Section "ServerLayout"

        Identifier     "X.org Configured"

        Screen      0  "Screen0" 0 0

        InputDevice    "Mouse0" "CorePointer"

        InputDevice    "TouchPad" "AlwaysCore"

        InputDevice    "Keyboard0" "CoreKeyboard"

        Option "BlankTime" "5"

        Option "StandbyTime" "10"

        Option "SuspendTime" "20"

        Option "OffTime" "30"

EndSection

Section "Files"

        RgbPath      "/usr/share/X11/rgb"

        ModulePath   "/usr/lib/xorg/modules"

        FontPath     "/usr/share/fonts/misc"

        FontPath     "/usr/share/fonts/75dpi"

        FontPath     "/usr/share/fonts/100dpi"

        FontPath     "/usr/share/fonts/TTF"

        FontPath     "/usr/share/fonts/Type1"

EndSection

Section "Module"

        Load  "extmod"

        Load  "dbe"

        Load  "record"

        Load  "xtrap"

        Load  "dri"

        Load  "glx"

        Load  "freetype"

        Load  "type1"

EndSection

Section "InputDevice"

        Identifier  "Keyboard0"

        Driver      "kbd"

        Option    "XkbRules"  "xorg"

        Option    "XkbModel"  "pc105"

        Option    "XkbLayout" "de"

EndSection

Section "InputDevice"

        Identifier  "Mouse0"

        Driver      "mouse"

        Option      "Protocol" "auto"

        Option      "Device" "/dev/input/mice"

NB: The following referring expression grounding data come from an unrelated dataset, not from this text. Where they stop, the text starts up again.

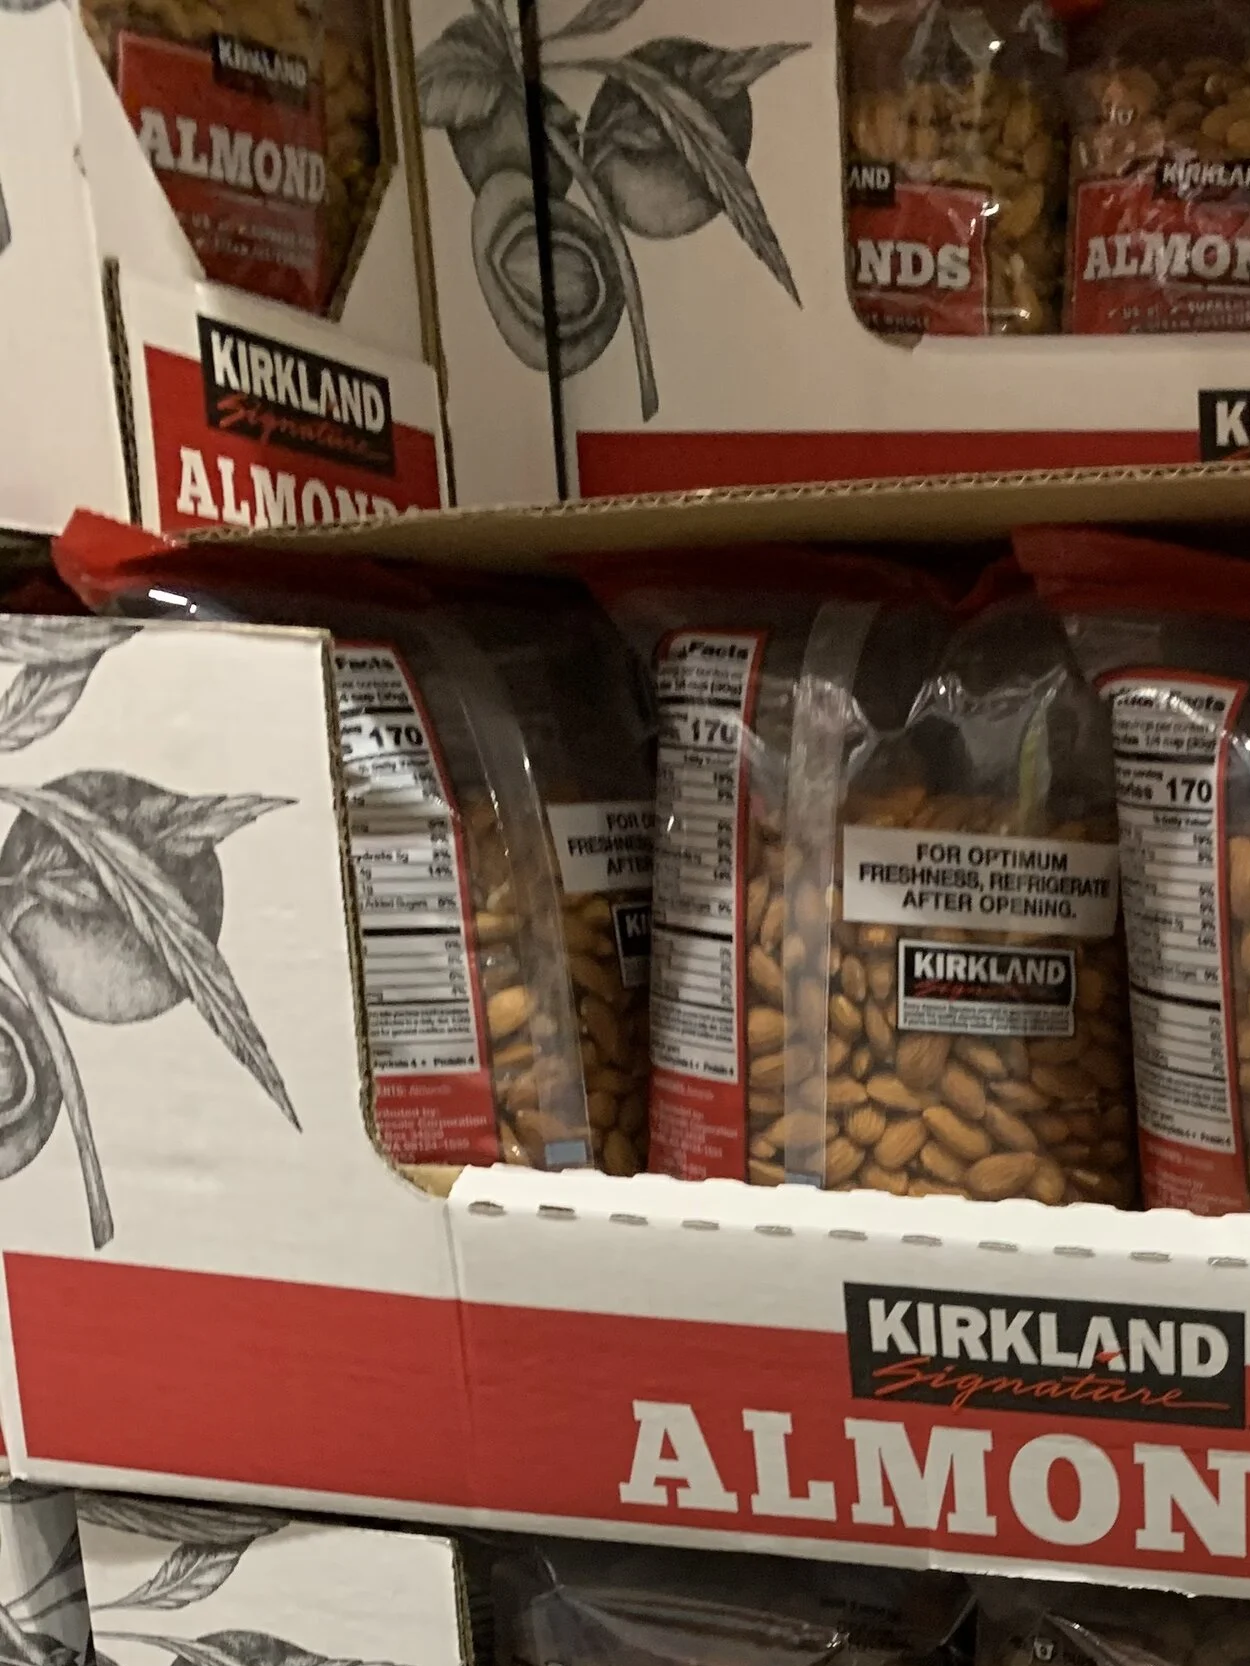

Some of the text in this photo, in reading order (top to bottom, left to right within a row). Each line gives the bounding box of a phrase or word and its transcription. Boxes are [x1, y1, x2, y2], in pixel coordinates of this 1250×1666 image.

[852, 238, 971, 290] NDS
[211, 330, 386, 434] KIRKLAND
[176, 446, 420, 530] ALMON
[368, 726, 423, 749] 170
[1167, 778, 1212, 803] 170
[917, 844, 1067, 872] FOR OPTIMUM
[860, 863, 1111, 899] FRESHNESS, REFRIGERATE
[903, 890, 1077, 919] AFTER OPENING.
[914, 951, 1066, 985] KIRKLAND
[868, 1298, 1229, 1378] KIRKLAND
[872, 1354, 1231, 1414] Signature

        Option      "ZAxisMapping" "4 5"

EndSection

Section "InputDevice"

   Driver "synaptics"

   Identifier "TouchPad"

   Option "Device" "/dev/input/event2"

   Option "Protocol" "event"

   Option "LeftEdge" "130"

   Option "RightEdge" "840"

   Option "TopEdge" "130"

   Option "BottomEdge" "640"

   Option "FingerLow" "7"

   Option "FingerHigh" "8"

   Option "MaxTapTime" "180"

   Option "MaxTapMove" "110"

   Option "EmulateMidButtonTime" "75"

   Option "VertScrollDelta" "20"

   Option "HorizScrollDelta" "20"

   Option "MinSpeed" "0.60"

   Option "MaxSpeed" "1.10"

   Option "AccelFactor" "0.030"

   Option "EdgeMotionMinSpeed" "200"

   Option "EdgeMotionMaxSpeed" "200"

   Option "UpDownScrolling" "1"

   Option "CircularScrolling" "1"

   Option "CircScrollDelta" "0.1"

   Option "CircScrollTrigger" "2"

   Option "SHMConfig" "on"

   Option "Emulate3Buttons" "on"

 EndSection

Section "Monitor"

        #DisplaySize      330   210     # mm

        Identifier   "Monitor0"

        VendorName   "SEC"

        ModelName    "3633"

        Option "DPMS" "true"

EndSection

Section "Device"

        ### Available Driver options are:-

        ### Values: <i>: integer, <f>: float, <bool>: "True"/"False",

        ### <string>: "String", <freq>: "<f> Hz/kHz/MHz"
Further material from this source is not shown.